**Source data**
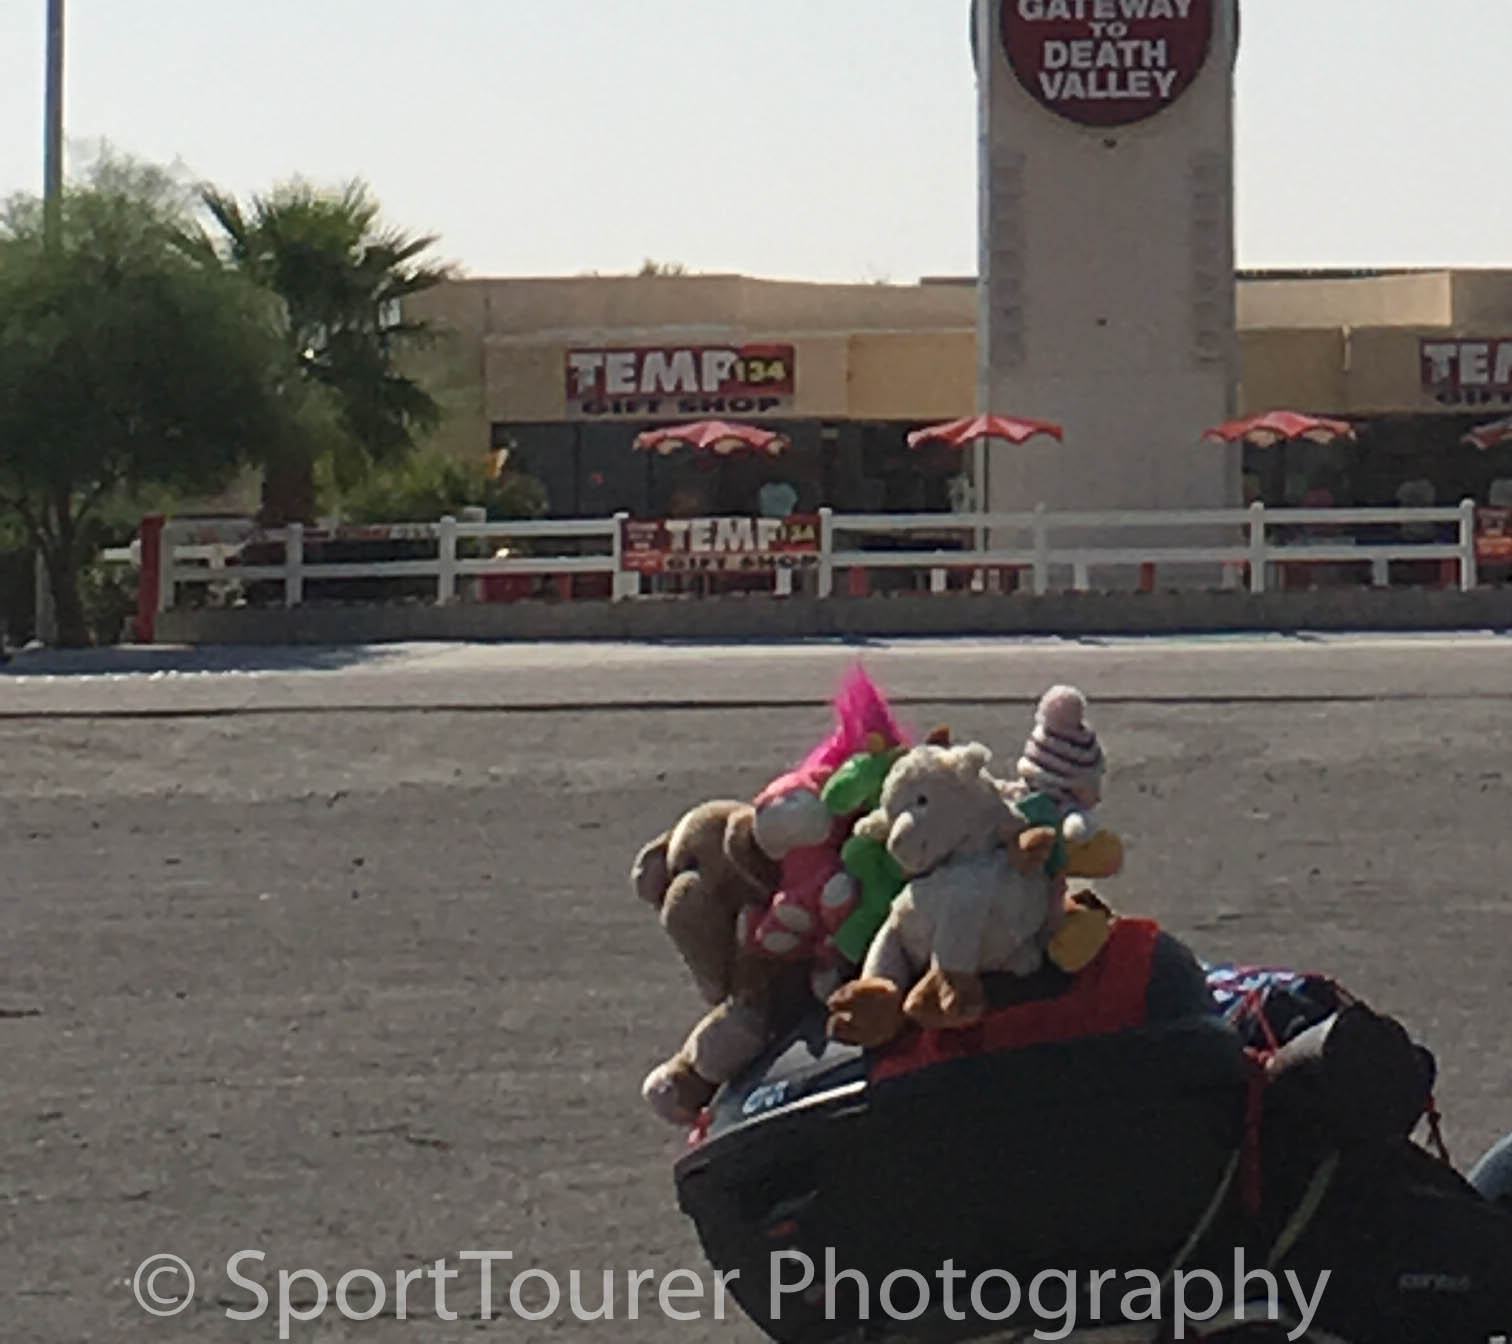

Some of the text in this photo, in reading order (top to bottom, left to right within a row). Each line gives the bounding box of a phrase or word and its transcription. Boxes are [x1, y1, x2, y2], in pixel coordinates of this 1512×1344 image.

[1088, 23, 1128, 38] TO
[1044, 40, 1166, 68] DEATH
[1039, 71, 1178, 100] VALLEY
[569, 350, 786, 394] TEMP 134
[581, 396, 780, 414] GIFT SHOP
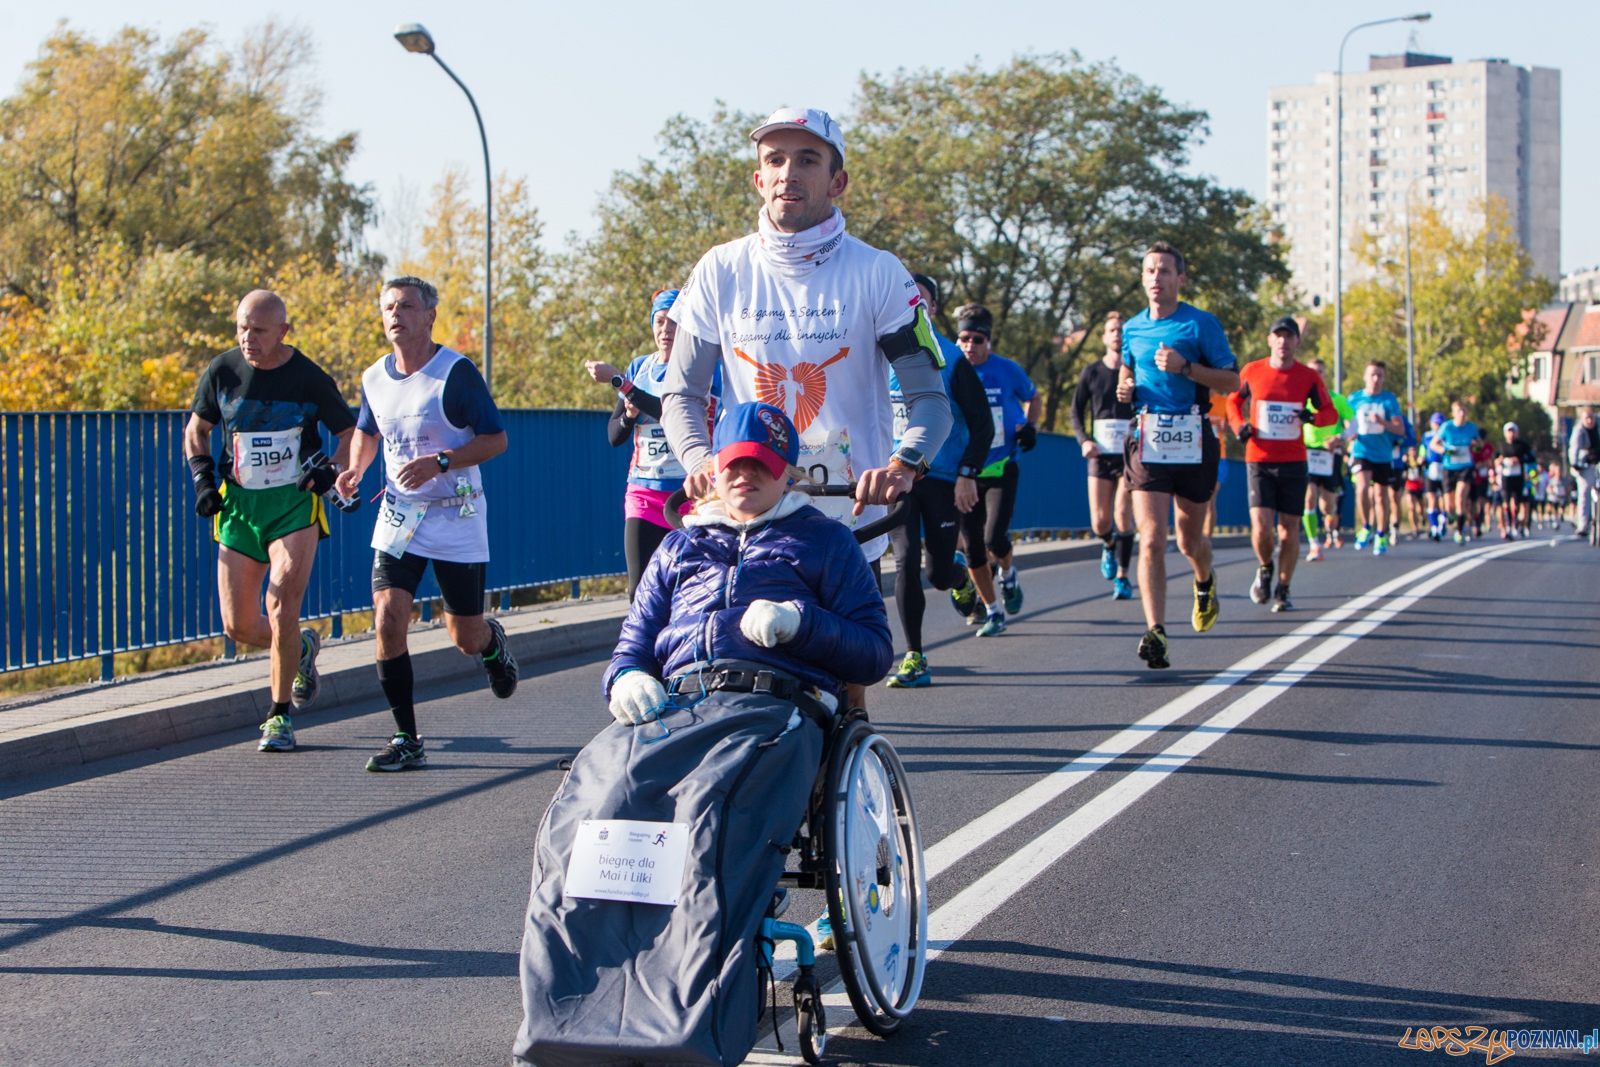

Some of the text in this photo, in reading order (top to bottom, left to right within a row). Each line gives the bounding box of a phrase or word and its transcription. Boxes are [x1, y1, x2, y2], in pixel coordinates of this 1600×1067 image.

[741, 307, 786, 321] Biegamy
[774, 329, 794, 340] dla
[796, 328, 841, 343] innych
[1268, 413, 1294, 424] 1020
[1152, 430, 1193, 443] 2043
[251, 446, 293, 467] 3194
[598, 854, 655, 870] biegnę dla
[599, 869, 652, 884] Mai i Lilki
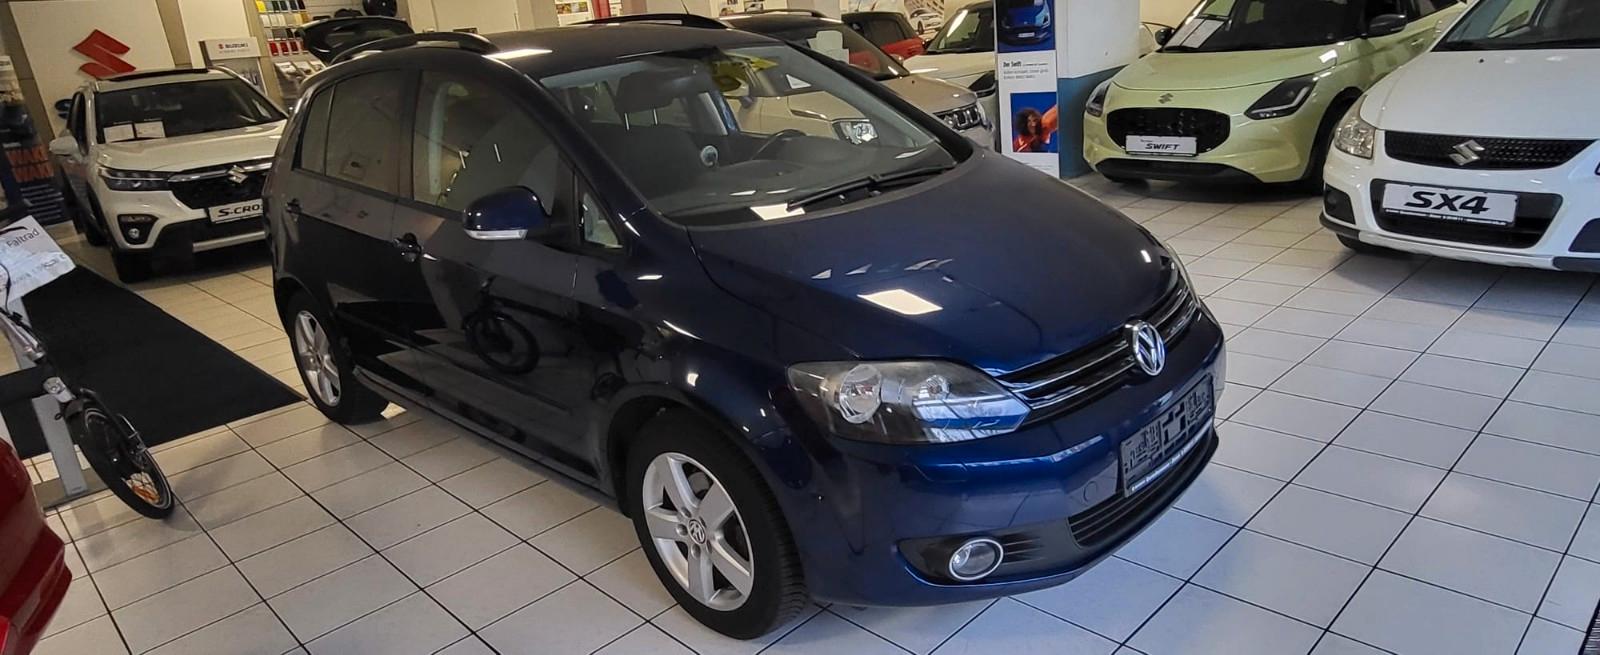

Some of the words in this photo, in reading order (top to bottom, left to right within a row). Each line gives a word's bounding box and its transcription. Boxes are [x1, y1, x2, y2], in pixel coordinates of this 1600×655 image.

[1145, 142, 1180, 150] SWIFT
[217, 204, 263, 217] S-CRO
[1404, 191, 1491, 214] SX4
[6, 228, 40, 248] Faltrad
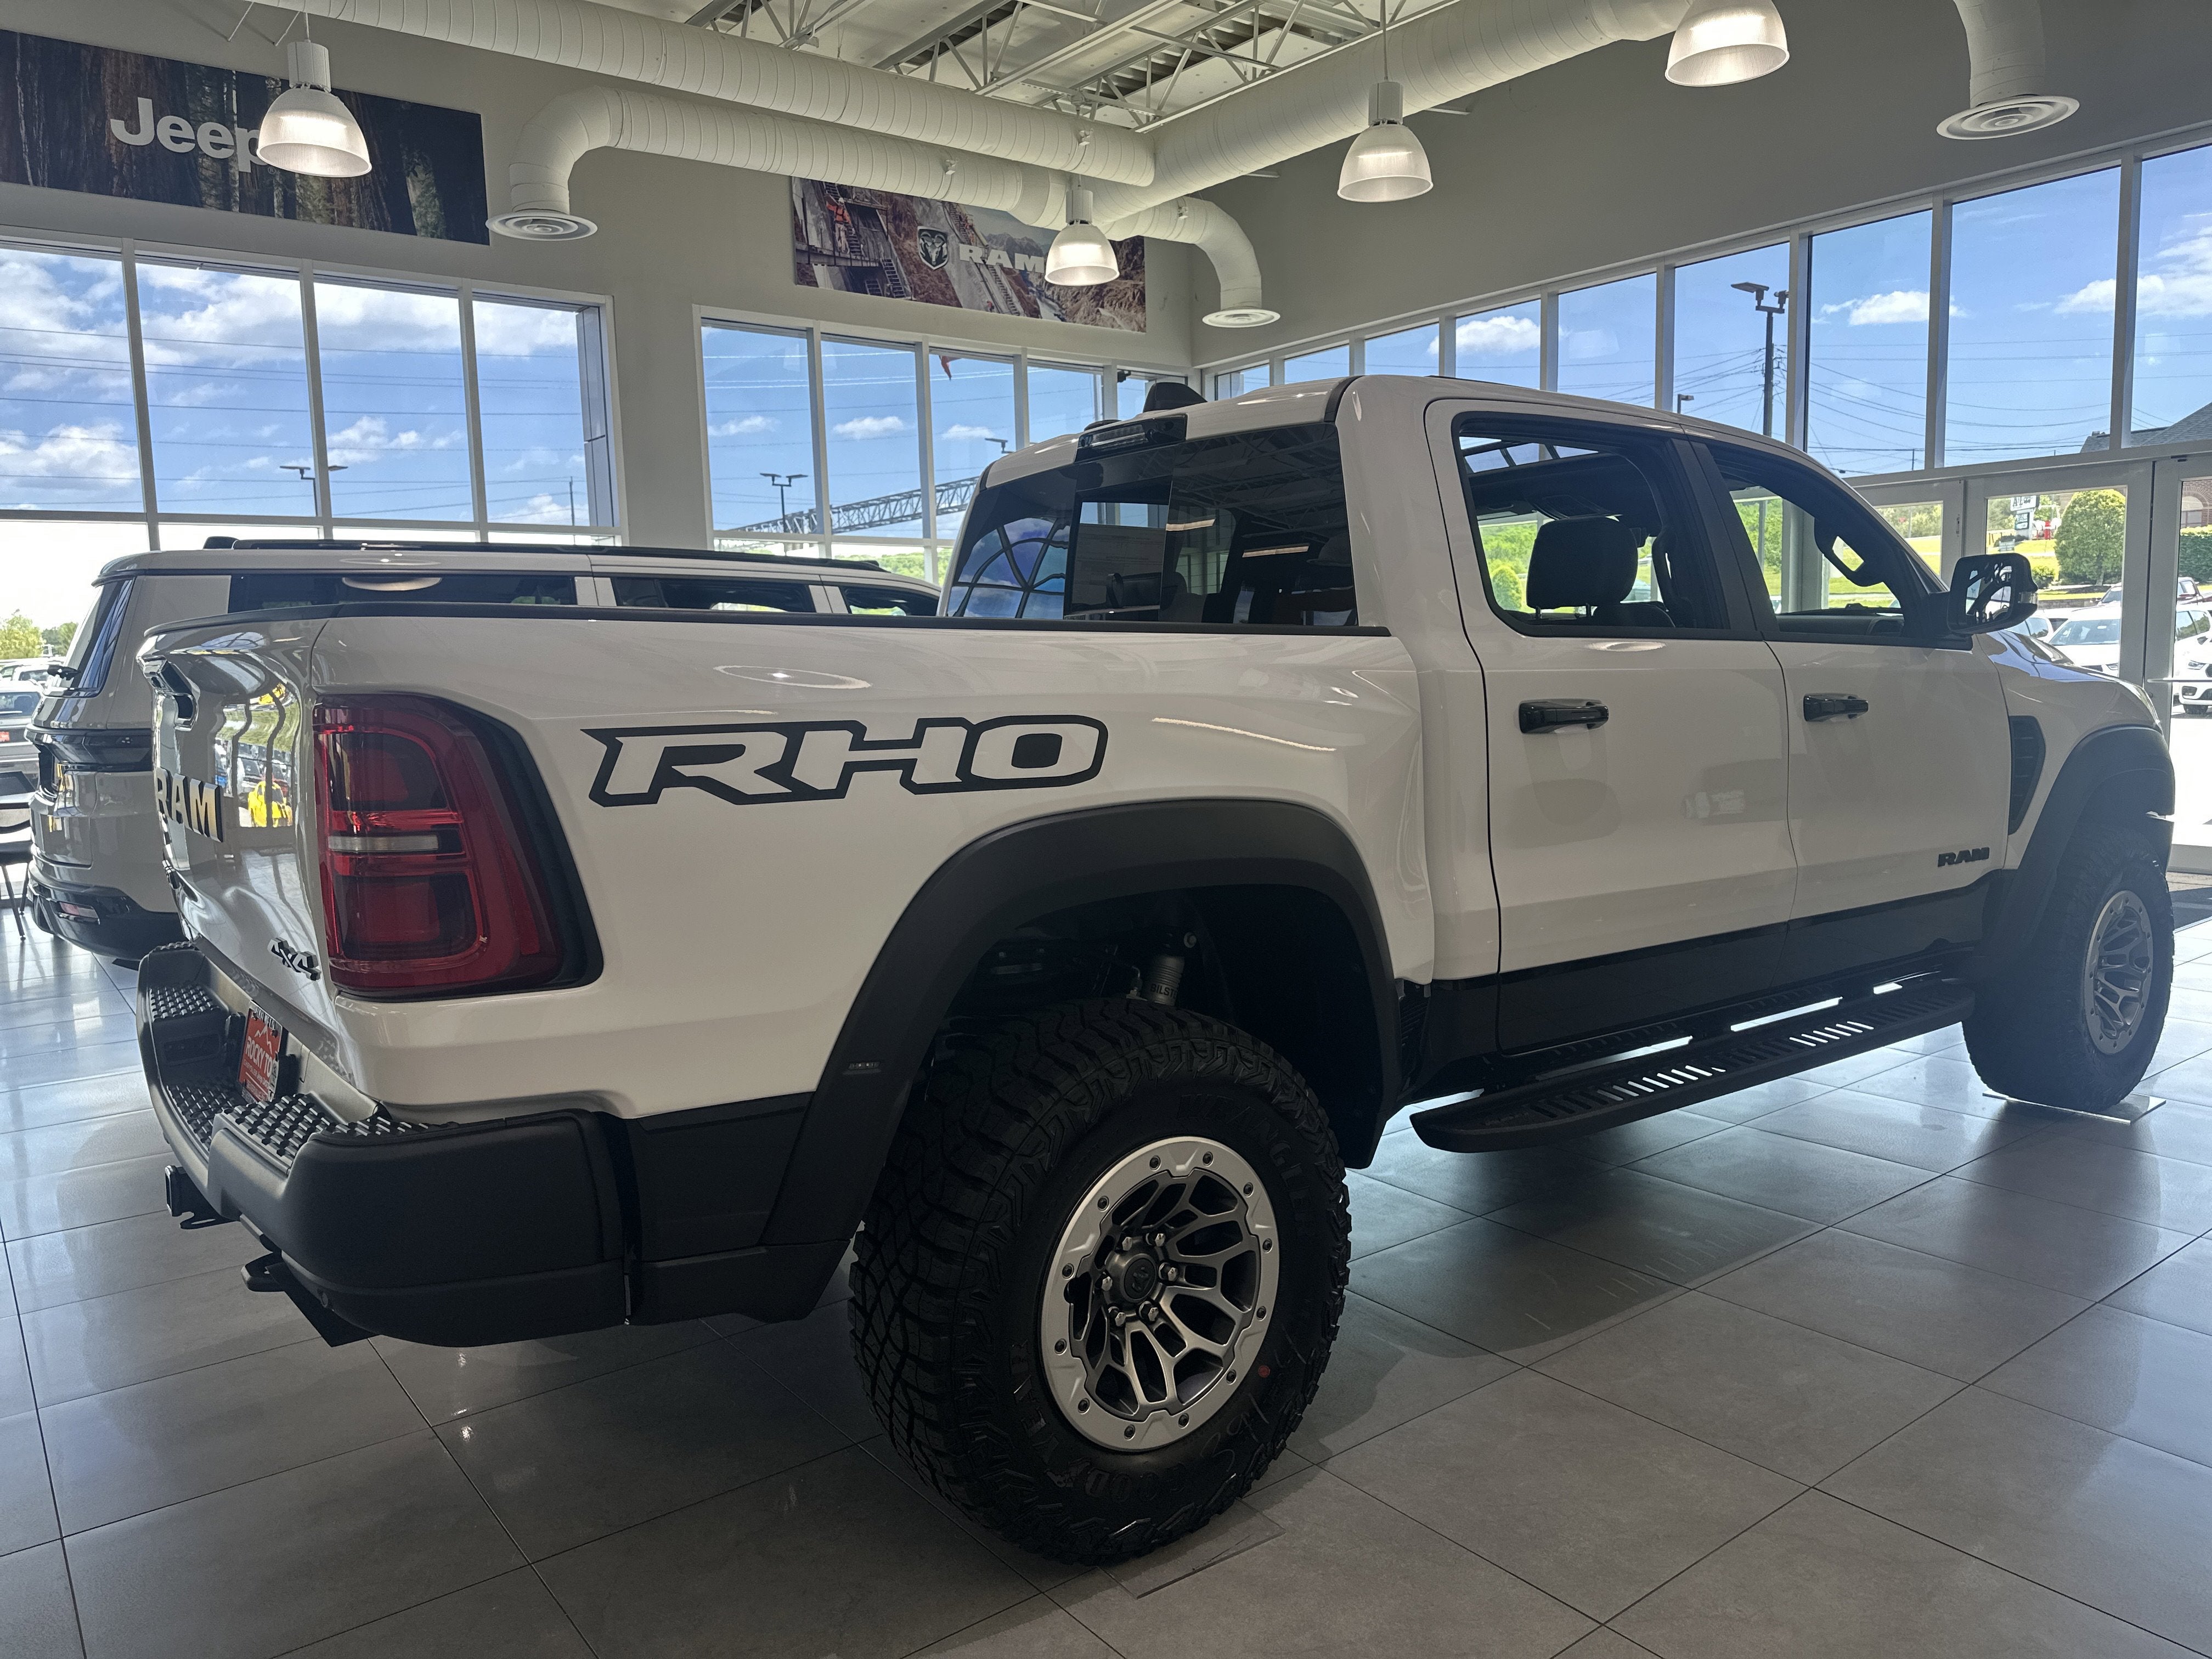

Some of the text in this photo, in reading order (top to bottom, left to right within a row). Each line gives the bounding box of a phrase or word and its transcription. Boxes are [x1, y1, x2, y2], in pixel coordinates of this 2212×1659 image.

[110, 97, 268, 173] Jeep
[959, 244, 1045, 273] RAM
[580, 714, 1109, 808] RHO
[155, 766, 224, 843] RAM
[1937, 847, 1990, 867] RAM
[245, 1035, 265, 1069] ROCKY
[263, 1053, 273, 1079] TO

**Exercise requirements**
Exactly the lines running from the one with "this 1600×1067 image." through the end of the listing above must be output, both ends included. No pictures belong in the output.

**Expected output**
Some of the text in this photo, in reading order (top to bottom, left to right within a row). Each line gives the bounding box of a phrase or word and its transcription. Boxes are [x1, y1, x2, y2], in pixel coordinates of this 1600×1067 image.

[741, 307, 786, 321] Biegamy
[774, 329, 794, 340] dla
[796, 328, 841, 343] innych
[1268, 413, 1294, 424] 1020
[1152, 430, 1193, 443] 2043
[251, 446, 293, 467] 3194
[598, 854, 655, 870] biegnę dla
[599, 869, 652, 884] Mai i Lilki

Some of the words in this photo, in reading order (top to bottom, left to right within a row). Each line gives a word's bounding box and its transcription. Boxes are [x1, y1, x2, y2], in pixel coordinates of this 1600×655 image.

[1145, 142, 1180, 150] SWIFT
[217, 204, 263, 217] S-CRO
[1404, 191, 1491, 214] SX4
[6, 228, 40, 248] Faltrad

Some of the text in this photo, in reading order (top to bottom, left to right within a row). Each line gives the bounding box of a phrase or word and its transcription. Boxes are [x1, y1, x2, y2], in pixel coordinates of this 2212×1659 image.

[110, 97, 268, 173] Jeep
[959, 244, 1045, 273] RAM
[580, 714, 1109, 808] RHO
[155, 766, 224, 843] RAM
[1937, 847, 1990, 867] RAM
[245, 1035, 265, 1069] ROCKY
[263, 1053, 273, 1079] TO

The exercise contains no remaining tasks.